The Daily Star publicó que Berri suplicó a los responsables de instalar la alineación gubernamental y el sitio Naharnet acompañó esa solicitud con alertas sobre la aproximación del colapso nacional.
La convocatoria del titular del partido Movimiento Amal es la última de una serie de llamamientos locales y extranjeros ante un proceso que sigue en un callejón sin salida, mientras el país se hunde en el abismo, refieren los analistas.
Líbano carece de un gabinete efectivo desde el 10 de agosto de 2020, tras la renuncia del colectivo dirigido por el ahora primer ministro interino, Hassan Diab.
Los rivales políticos en este país ignoraron a países árabes y Estados Unidos, Rusia y Francia, a fin de instalar un ejecutivo con especialistas apolíticos.
Esa formación correría a cargo de promulgar reformas estructurales clave que allanarían ayuda financiera prometida por la comunidad internacional en rescate de la peor crisis en décadas y alejaría una anunciada implosión social muy temida.
‘Es hora de que las facciones rivales se retiren de los techos altos y demandas estrechas por el bien de los libaneses y nominen un gobierno para trabajar y evitar un colapso total’, indicó un comunicado emitido por Amal.
En una alusión al escenario regional, la declaración sugiere acelerar las reformas para apartar a Líbano de los perfiles que se están dibujando en Medio Oriente.

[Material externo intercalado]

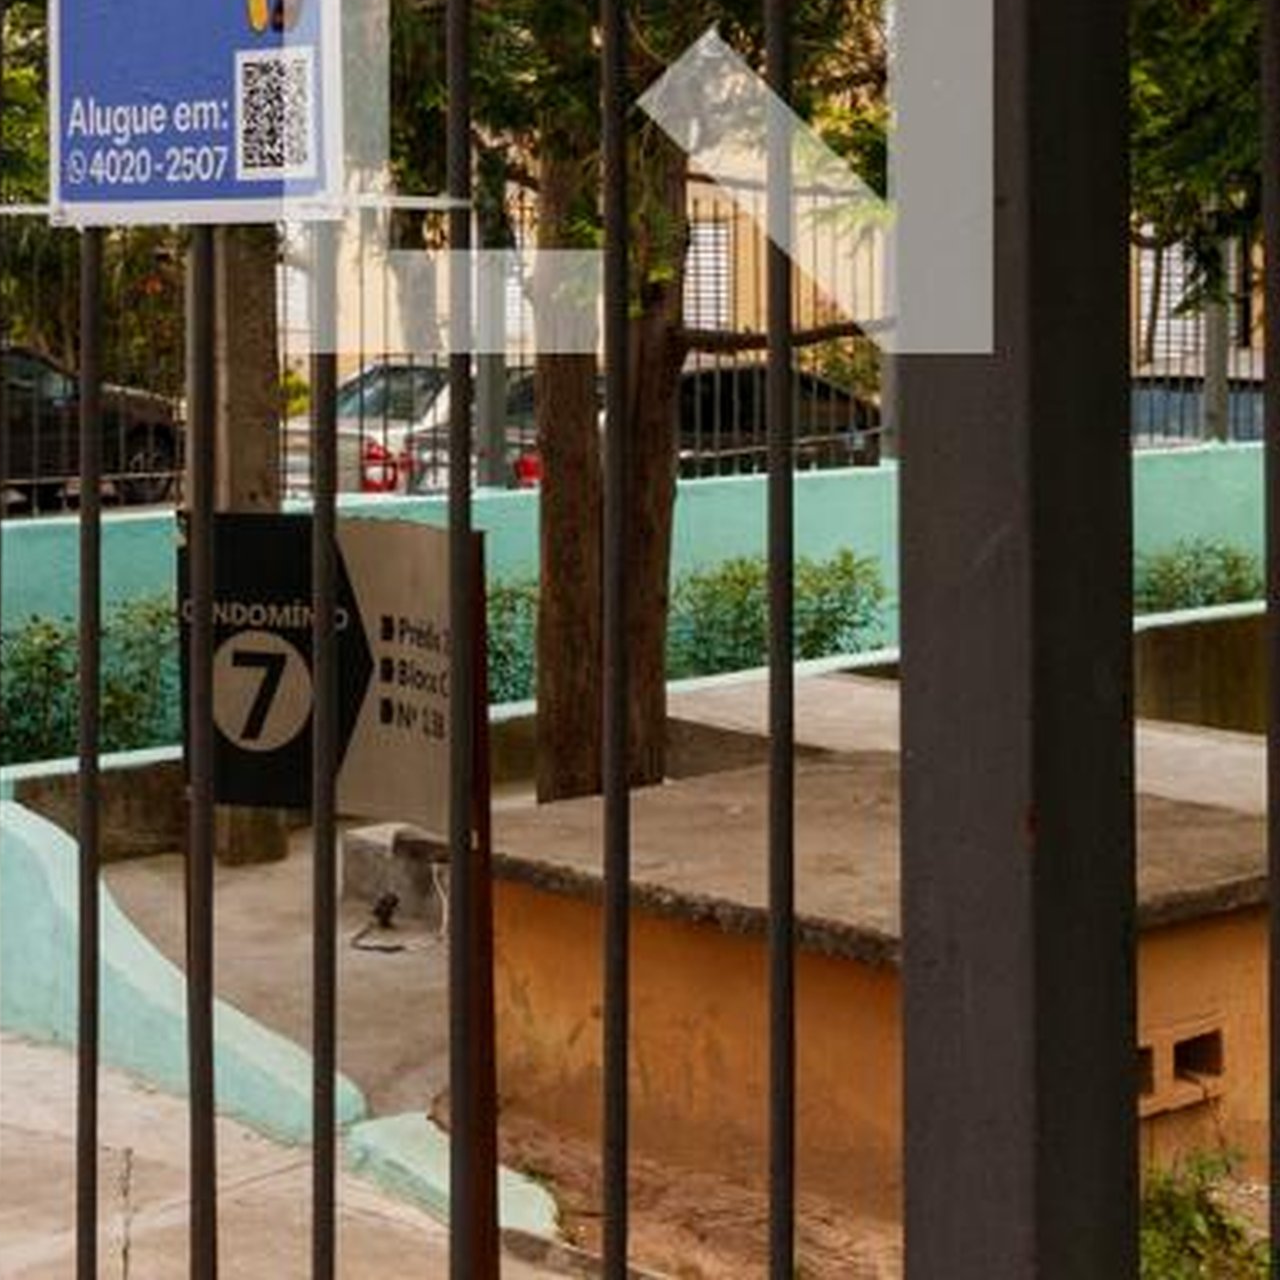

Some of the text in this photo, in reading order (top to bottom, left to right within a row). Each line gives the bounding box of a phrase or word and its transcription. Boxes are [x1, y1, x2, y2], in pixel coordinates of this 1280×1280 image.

[68, 97, 229, 146] Alugue em:
[232, 649, 287, 741] 7

Esa referencia contempla las negociaciones indirectas entre Irán y Estados Unidos sobre el acuerdo nuclear y las de Arabia Saudita con Irán, cuya amarga lucha por la influencia y supremacía convirtió a la región en una zona volátil.
La apelación de Amal se suma a una similar del Consejo Islámico Superir Chiita de Líbano que demandó un compromiso político para despejar el camino hacia la formación inmediata de un gobierno de rescate.
El presidente Michel Aoun y el primer ministro designado Saad Hariri, los responsables de nominar el gabinete, se niegan a ceder y persiste su desacuerdo en el reparto de las carteras de Justicia e Interior y nombramiento de ministros cristianos.
Líbano va de mal a peor ante anuncios para eliminar subsidios de combustible, trigo y medicamentos, el déficit de generación eléctrica y aunque por ahora parecen disminuir, las consecuencias de la pandemia de la Covid-19.